3.19.2012

Le mystère d'une anglo-saxonne enterrée dans un lit avec une croix en or


C'est à Trumpington Meadows, dans la banlieue de Cambridge qu'a eu lieu cette extraordinaire découverte datant du 7ème siècle: elle offre un aperçu unique sur les origines de la chrétienté en Angleterre.

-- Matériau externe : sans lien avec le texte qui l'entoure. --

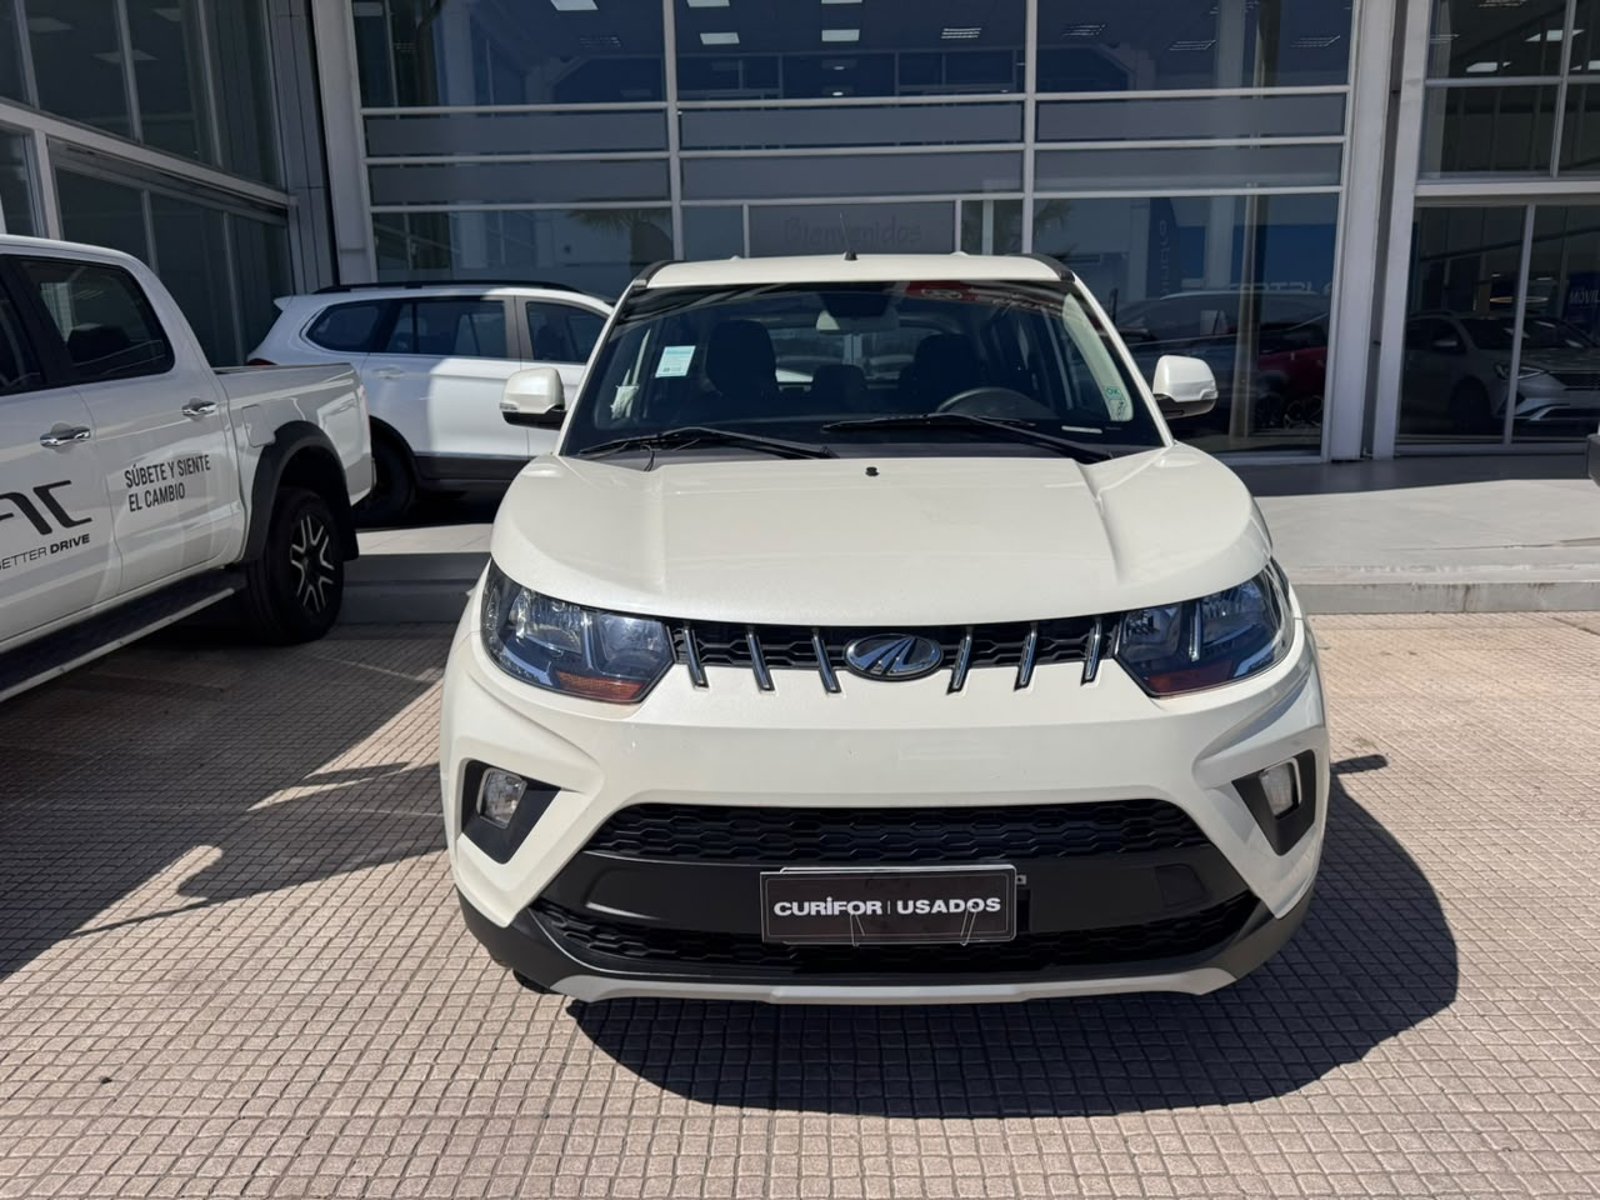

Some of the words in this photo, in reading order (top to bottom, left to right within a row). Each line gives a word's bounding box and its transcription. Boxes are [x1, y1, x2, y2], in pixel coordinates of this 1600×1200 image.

[124, 463, 167, 488] SÚBETE
[168, 461, 175, 478] Y
[177, 454, 211, 477] SIENTE
[128, 493, 143, 512] EL
[144, 482, 186, 508] CAMBIO
[50, 533, 90, 554] DRIVE
[897, 897, 1001, 915] USADOS
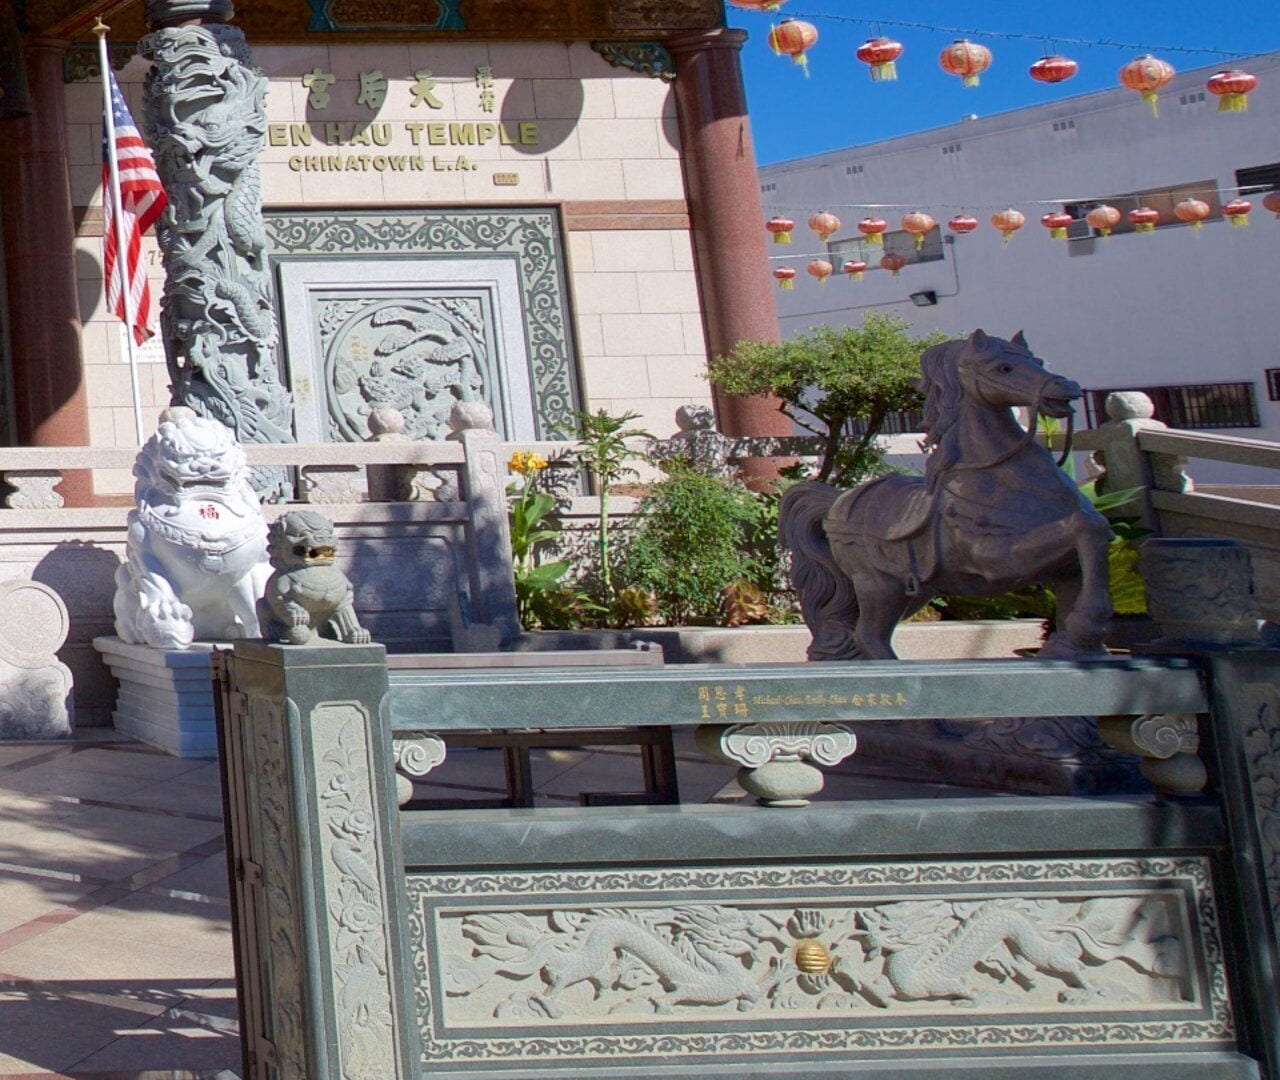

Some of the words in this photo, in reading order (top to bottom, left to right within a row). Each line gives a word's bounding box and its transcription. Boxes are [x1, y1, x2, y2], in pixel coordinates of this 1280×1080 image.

L'une des premières sépulture anglo-saxonnes chrétienne en Grande-Bretagne a été découverte dans un village près de Cambridge.
La tombe, d'une adolescente du milieu 7ème siècle après JC, combine deux éléments extrêmement rares: un lit funéraire et un artéfact des premiers chrétiens sous la forme d'une croix en or et grenat.
La jeune fille, âgée d'environ 16 ans, a été enterrée sur un lit ornemental (une pratique anglo-saxonne très limitée au milieu et à la fin du 7ème siècle) avec une croix pectorale chrétienne sur sa poitrine, qui avait probablement été cousue sur ses vêtements.

Façonnée en or et sertie de grenats découpés, il ne s'agit que de la cinquième croix en son genre à avoir été découverte; celle de cette tombe date des premières années de l'Église en Angleterre, probablement entre 650 et 680 de notre ère.  En 597 après JC, le pape saint Augustin envoyait en Angleterre une mission pour convertir les rois païens anglo-saxons.
L'utilisation des dernières techniques scientifiques pour analyser cette découverte exceptionnelle devrait permettre une meilleure compréhension de cette période charnière dans l'histoire britannique, et la propagation du christianisme dans l'est de l'Angleterre au cours de la période anglo-saxonne.

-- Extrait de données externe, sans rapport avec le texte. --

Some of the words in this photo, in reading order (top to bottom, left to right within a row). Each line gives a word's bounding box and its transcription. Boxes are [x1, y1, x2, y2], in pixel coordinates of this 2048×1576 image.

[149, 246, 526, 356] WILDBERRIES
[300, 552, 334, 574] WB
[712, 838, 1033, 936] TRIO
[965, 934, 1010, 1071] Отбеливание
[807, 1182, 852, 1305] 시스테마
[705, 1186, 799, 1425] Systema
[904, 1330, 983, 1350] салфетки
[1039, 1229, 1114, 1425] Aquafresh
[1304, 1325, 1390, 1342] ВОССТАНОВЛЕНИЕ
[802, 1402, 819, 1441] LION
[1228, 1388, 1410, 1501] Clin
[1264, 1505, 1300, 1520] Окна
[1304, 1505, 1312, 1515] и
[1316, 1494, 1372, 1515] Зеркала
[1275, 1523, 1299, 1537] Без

Était-ce une adolescente convertie au tout début du christianisme, un porte-étendard du nouveau Dieu ? "La conversion chrétienne a commencé dans les élites pour ensuite se répandre dans le peuple," explique le Dr Sam Lucy, un spécialiste du funéraire anglo-saxon de Newnham College à Cambridge.

"Pour être enterrée de façon aussi élaborée avec un artéfact aussi précieux, c'est que cette jeune fille était sans aucun doute d'un statut élevé, probablement de la noblesse ou même de la royauté. Cette croix était le genre de culture matérielle qui circulait au plus haut niveau de la société. Le meilleur exemple connu de croix pectorale est celle que l'on avait trouvé dans le cercueil de Saint-Cuthbert, aujourd'hui dans la cathédrale de Durham. Le fait que ce soit un lit funéraire est remarquable en soi, c'est le quinzième découvert au Royaume-Uni, et seulement le quatrième au cours des vingt dernières années; ajoutez à cela une croix chrétienne très bien faite et vous avez une découverte vraiment étonnante", comment Alison Dickens, qui a dirigé les fouilles de l'unité archéologique de l'Université.

Le lit se composait d'un cadre en bois maintenu ensemble par des crochets métalliques; il y avait des morceaux supplémentaires de boucles en métal pour fixer des lattes croisées afin de créer une base de lit suspendu, semblable aux lits modernes, mais avec un matelas de paille. Le corps a ensuite été placé sur le lit, qui était sans doute déjà dans la tombe.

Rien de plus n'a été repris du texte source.